Also visit our website at <www.haiti-progres.com>.

                           HAITI PROGRES
              "Le journal qui offre une alternative"

                      * THIS WEEK IN HAITI *

                       February 9 - 15, 2000
                          Vol. 17, No. 47


 On Feb. 1, the Cap Haïtien police arrested several bus
drivers who ply the road between Cap Haïtien and Port-au-Prince
because they have not respected the schedule laid down by the
police for departures toward the capital.

In recent months, hundreds of passengers aboard several buses
have been held up by zenglendos, armed highway men, who ambush
the vehicles en route, usually at the curve in the road around
Gros Morne St. Marc, a shrubby mountain about halfway down the
desolate 11 kilometer stretch of highway between the towns of
Pont Sondé and St. Marc. Such an ambush occurred in the early
morning hours of Feb. 1.

The police direct bus drivers to wait until 3 a.m. before leaving
Cap on the four hour trip to Port-au-Prince so that they pass by
Gros Morne St. Marc closer to the 6 a.m. sunrise, when it is
safer. But many drivers, anxious to squeeze more trips into their
day, leave Cap at 1 a.m., which puts them in the ambush zone
during hold-up prime time from 3 a.m. to 4 a.m..

«It is the stubbornness of the drivers who leave Cap before the
designated hour which is the cause of the zenglendos being able
to do whatever they want on the road,» said police inspector
Sénat Félix.

However, most Haitians fault the police for not acting
aggressively against the highway men of National Route 1.
Although the police occasionally set up a weapons checkpoint in
the Artibonite town of l'Estère, they have been unwilling to
carry out late night patrols in the principal areas of zenglendo

«The police should increase their patrols of Route One by a
factor of ten,» one traveler declared on Radio Kiskeya.

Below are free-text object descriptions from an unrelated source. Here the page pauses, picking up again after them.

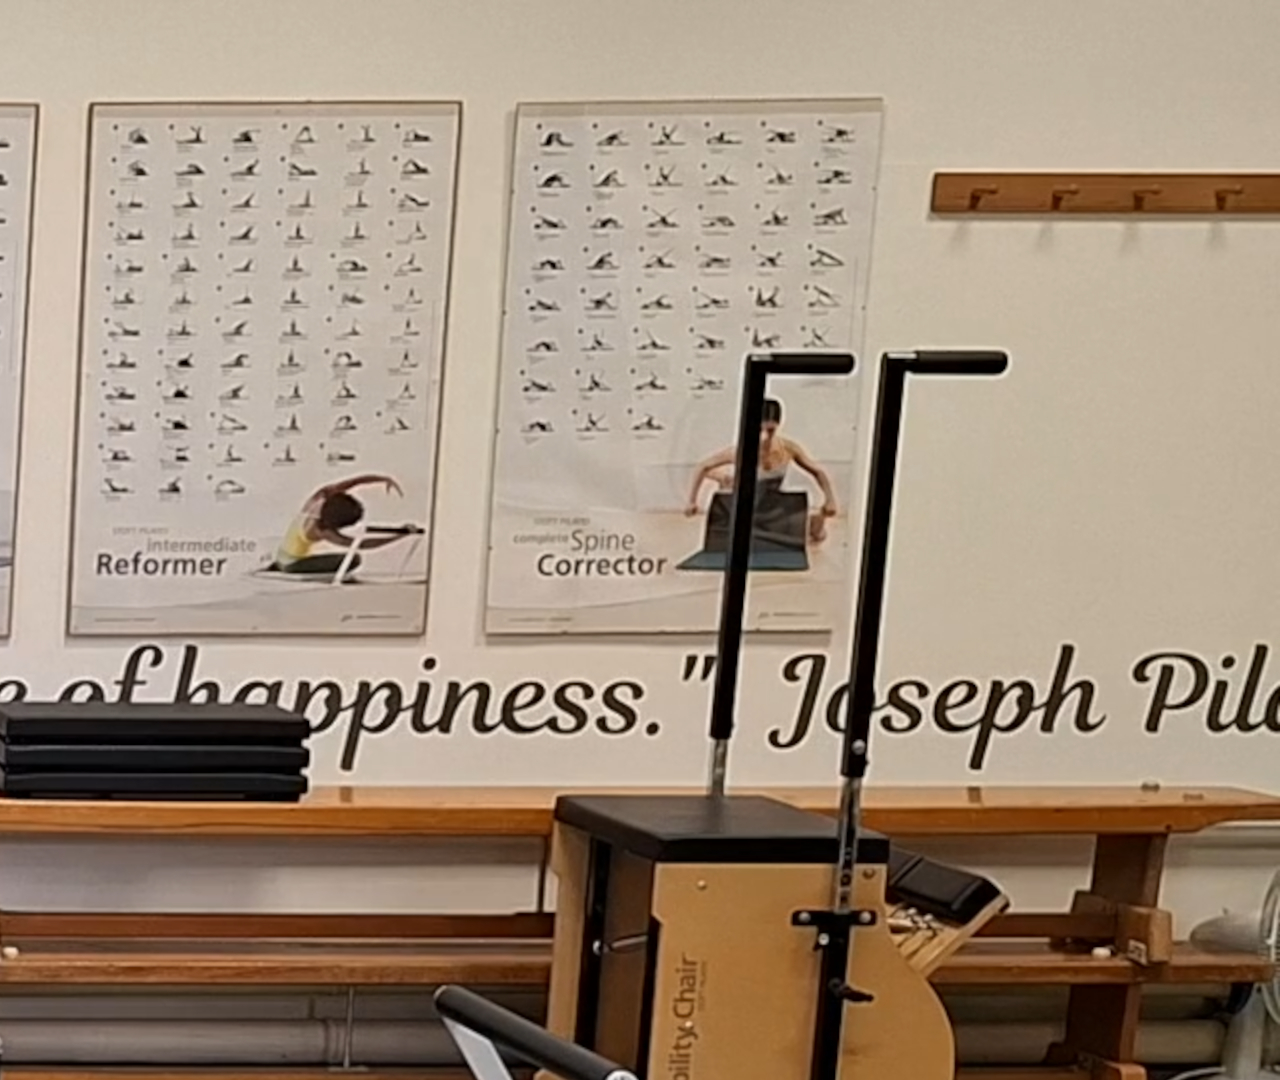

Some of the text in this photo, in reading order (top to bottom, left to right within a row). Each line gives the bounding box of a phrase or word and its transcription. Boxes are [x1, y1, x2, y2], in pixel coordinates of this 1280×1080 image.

[146, 537, 257, 553] intermediate
[571, 529, 635, 555] Spine
[96, 551, 228, 576] Reformer
[537, 553, 668, 577] Corrector
[671, 952, 698, 1018] Chair

Another favorite ambush point on National Route One is in the
curves just below the mountain pass called Puilboro between the
town of Plaisance and the city of Gonaïves.


On the morning of Feb. 2, the Association of Victims of the
Massacre of April 22, 1994 in Raboteau held its 2nd sit-in at the
Place of Liberty in the center of Gonaïves. Fritz Désir, the
association's spokesman, said that the group plans to hold the
actions every Wednesday. The purpose is to pressure judicial
authorities to push ahead with the still pending trial for the
massacre and to call attention to unfulfilled government

According to Désir, the government's Coordination Office had
promised to lend some money to the massacre victims and to launch
a literacy project in Raboteau.

«They said they would do beautiful things for the Raboteau
victims,» Désir said, «but that was a lie. It's not true because
the literacy campaign, for example, is still stuck at the level
of discussions. Overall, it is just people making noise to make
like they're doing something, but in fact they are just making
money with the Raboteau affair.»

Charles Saintellus, the president of the Appeals Court, said
that, following hearings in December, the judges are reviewing
briefs from both the plaintiffs and the accused. In about two
weeks, the court will issue some decisions to get the Raboteau
trial underway, he said.

Elsewhere on Feb. 2, coup victims in the northwestern city of
Port-de-Paix held their 7th sit-in demanding that the justice
ministry take action on their behalf. They were joined by about
twenty members of the September 30th Foundation, a Port-au-Prince
based victims organization.

«The September 30th Foundation sent this delegation of twenty
members to support the demands of the victims in Port-de-Paix, so
that they see that they are not alone,» said the group's
spokesman Gilbert Elméus. «We want them to see that it is the
same struggle in Port-de-Paix as in Port-au-Prince to get justice
and reparations.»

Meanwhile, victims in the town of Petite Rivière de l'Artibonite
also held a sit-in on Feb. 7 in front of their courthouse to
demand justice from government authorities.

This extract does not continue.